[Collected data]
####
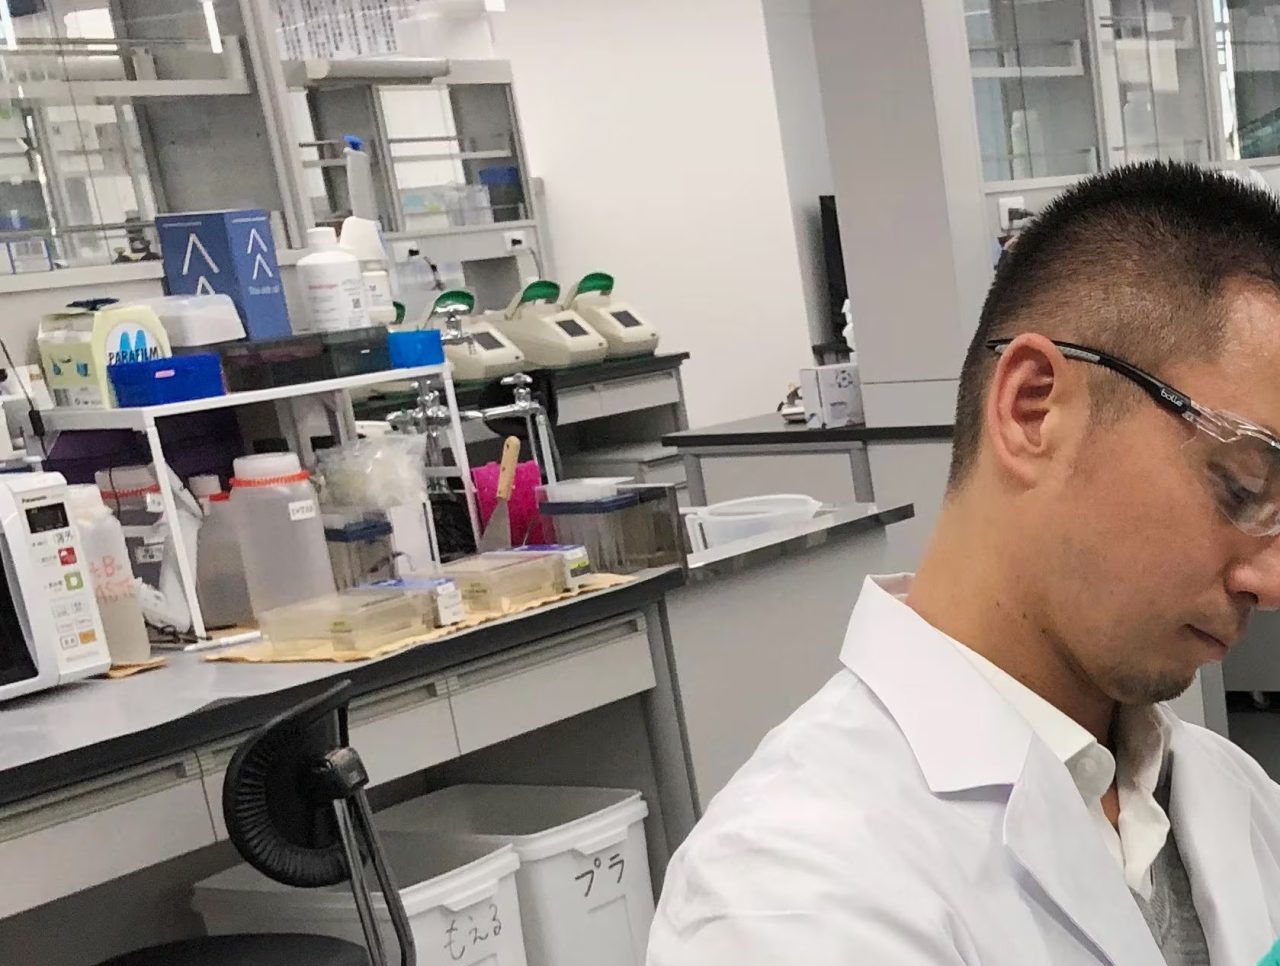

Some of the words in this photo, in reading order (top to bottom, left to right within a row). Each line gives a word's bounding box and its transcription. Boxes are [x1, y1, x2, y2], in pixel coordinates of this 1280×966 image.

[108, 346, 159, 366] PARAFILM
[574, 852, 626, 898] プラ
[443, 902, 502, 961] もえる
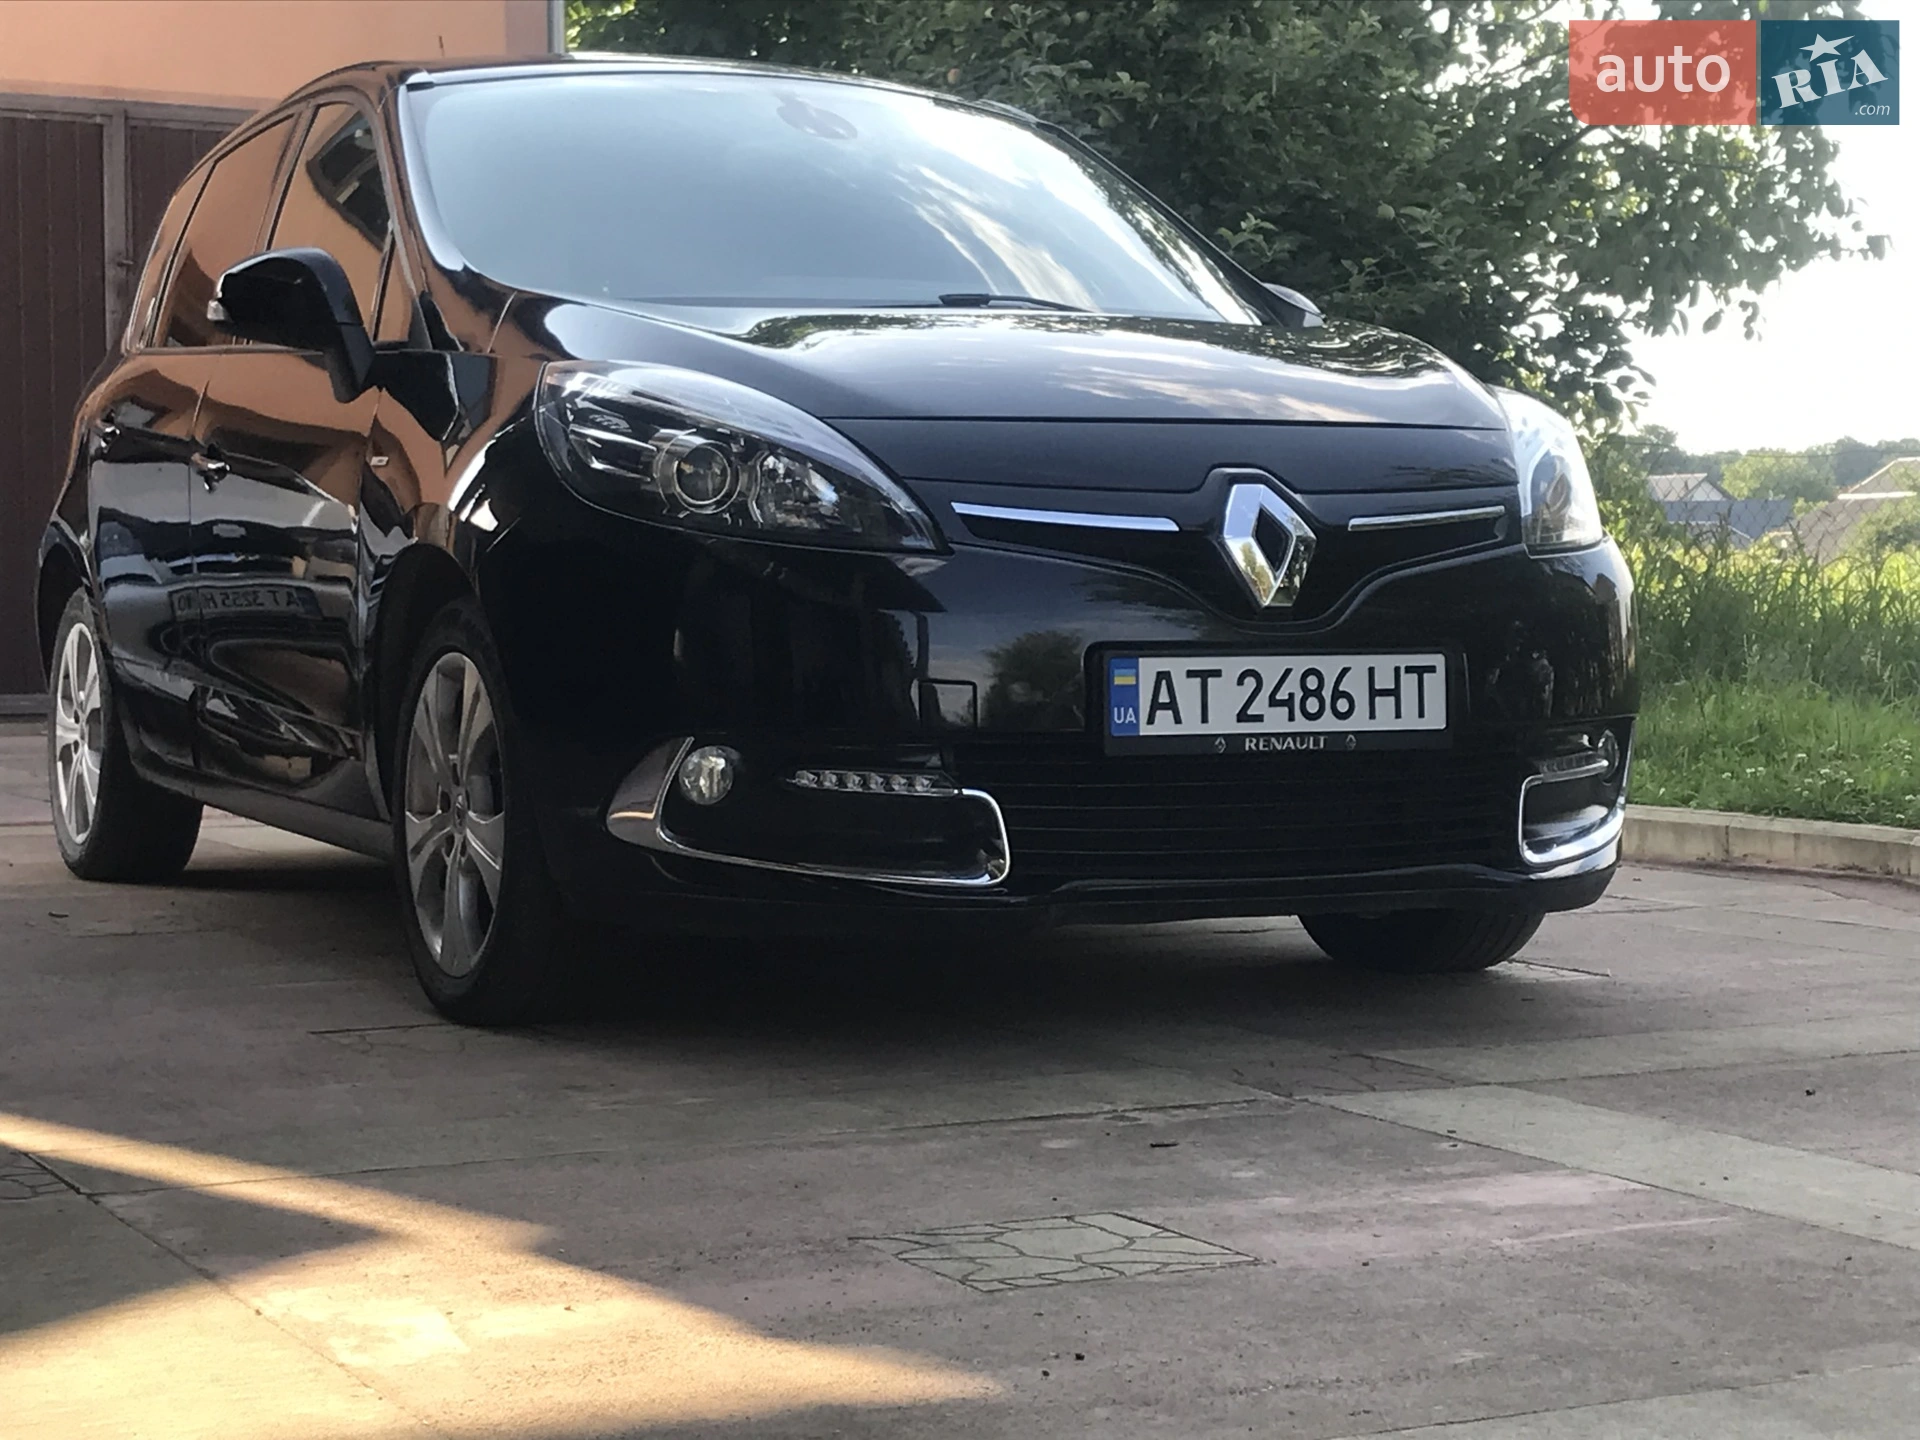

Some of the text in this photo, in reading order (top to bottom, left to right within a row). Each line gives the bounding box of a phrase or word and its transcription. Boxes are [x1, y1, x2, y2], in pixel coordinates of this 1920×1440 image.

[1146, 665, 1437, 726] AT 2486 HT
[1113, 706, 1137, 725] UA
[1244, 736, 1329, 751] RENAULT
####
▸ **WHAT IS NEEDED**
Transcribe each entry precisely as given, leaving the pictures out.

▸ **ANSWER FOR THIS EXERCISE**
Some of the words in this photo, in reading order (top to bottom, left to right within a row). Each line gives a word's bounding box and its transcription. Boxes are [x1, y1, x2, y2], in pixel coordinates of this 1280×966 image.

[108, 346, 159, 366] PARAFILM
[574, 852, 626, 898] プラ
[443, 902, 502, 961] もえる

Some of the text in this photo, in reading order (top to bottom, left to right within a row). Each line gives the bounding box of a phrase or word and its transcription. Boxes are [x1, y1, x2, y2], in pixel coordinates of this 1920×1440 image.

[1146, 665, 1437, 726] AT 2486 HT
[1113, 706, 1137, 725] UA
[1244, 736, 1329, 751] RENAULT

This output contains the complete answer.